"Beauty surrounds us, but usually we need to be walking in a garden to know it."
~Rumi~
I hadn't planned on anything grand, it was a fleeting effort at best, a virgin attempt at gardening. My mother was a gardener, my brother grows flowers that speak lovely. My sister-in-law received the gift, so did my sister. When I tossed a few bulbs into an over-sized pot, whispered help, please, thank you, and gave my husband the job of master fertilizer, I waited semi-patiently for the unknown. Mostly.
I practiced talking to the plant, studied every inch of new growth as if constant vigilance and one-sided conversation provided five-star health insurance for this novice experiment. In recent years back issues have forced me to work in the yard waist-level up. Our God is quite creative in helping the weak, and ever so gentle in the grumbling moments, tenderly rerouting the focus back toward the light, to the present, to the unspeakable beautiful.

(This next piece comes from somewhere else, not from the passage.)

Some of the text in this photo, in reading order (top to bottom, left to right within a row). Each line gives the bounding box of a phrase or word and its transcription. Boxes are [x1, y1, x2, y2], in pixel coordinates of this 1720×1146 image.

A quote I read years ago still sits with me like an old friend who knows all your secrets, and this friend doesn't squirm and look around for an escape route once your soul is lying on the hot concrete.

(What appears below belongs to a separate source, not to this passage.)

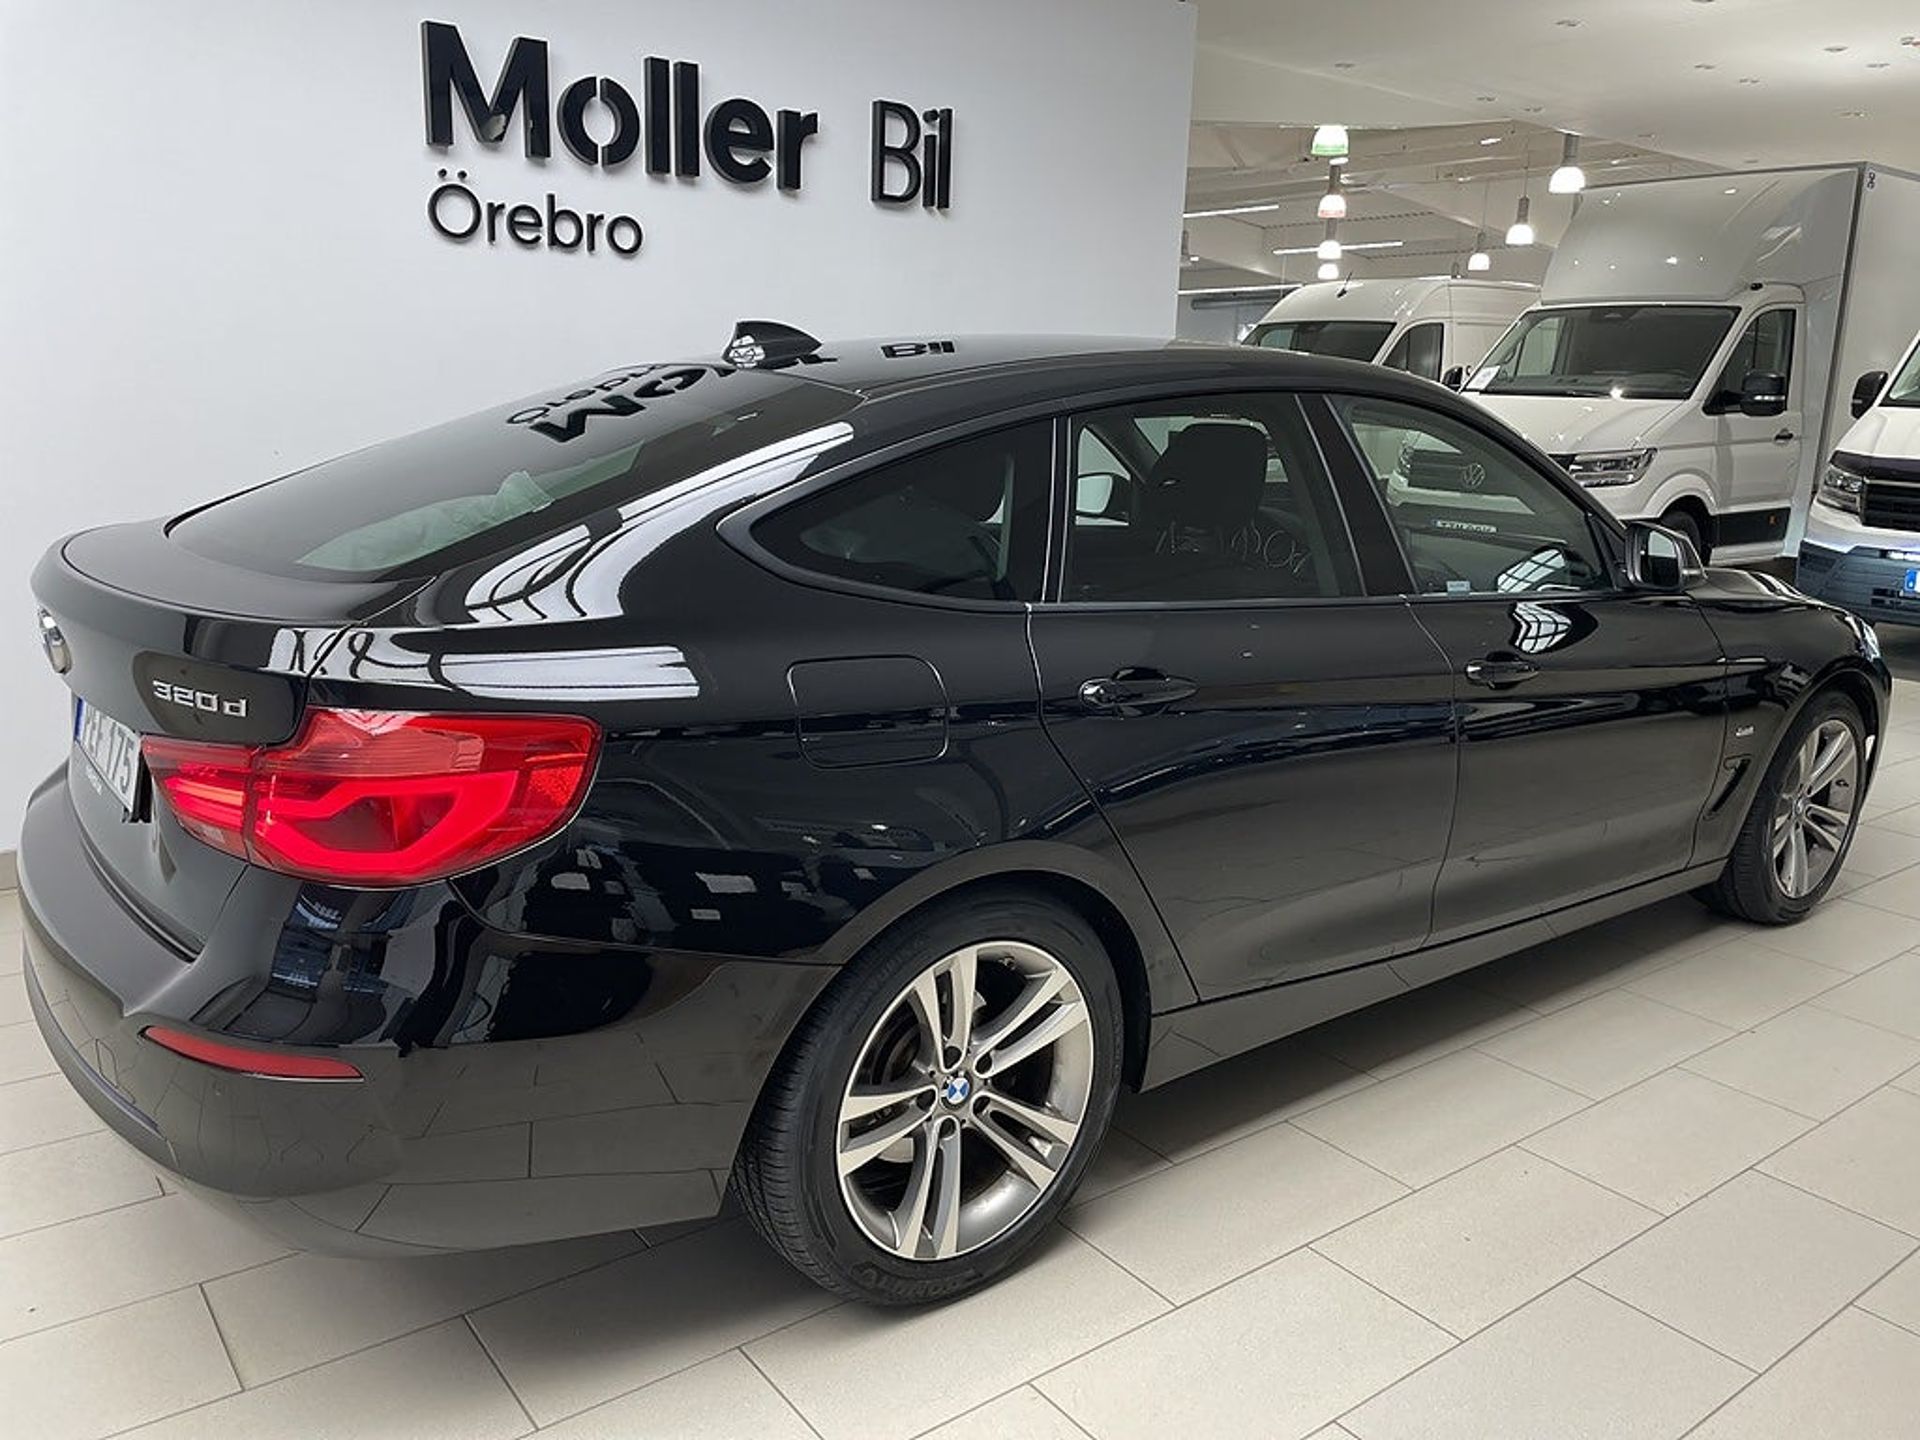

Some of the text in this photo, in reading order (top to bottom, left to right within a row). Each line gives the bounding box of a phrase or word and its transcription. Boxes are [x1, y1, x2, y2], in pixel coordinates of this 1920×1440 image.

[420, 20, 953, 209] Moller Bil
[427, 168, 643, 256] Örebro
[106, 720, 135, 794] 175

Trust the unknown, it's the only thing that truly cares about you, it said. On that day when I plopped those bulbs into fresh nurturing soil, with weak trust muscles and eyes looking down instead of up, God had already began the wondrous work out in the garden. He really likes to help, and He is super good at surprises.
I think I would have liked Rumi. For one day recently in a breathless summer moment, I felt the thunderous roar of heaven clap happy under my feet as I stepped out into the garden. One of the blooms opened to its full glory, and the slight morning breeze brushed lightly across my cheeks. My gaze, it swept across the yard for full measure, taking in the splashes of color sitting pretty here and there and everywhere. I breathed it in, this fresh dose of delicious joy. You are a gardener.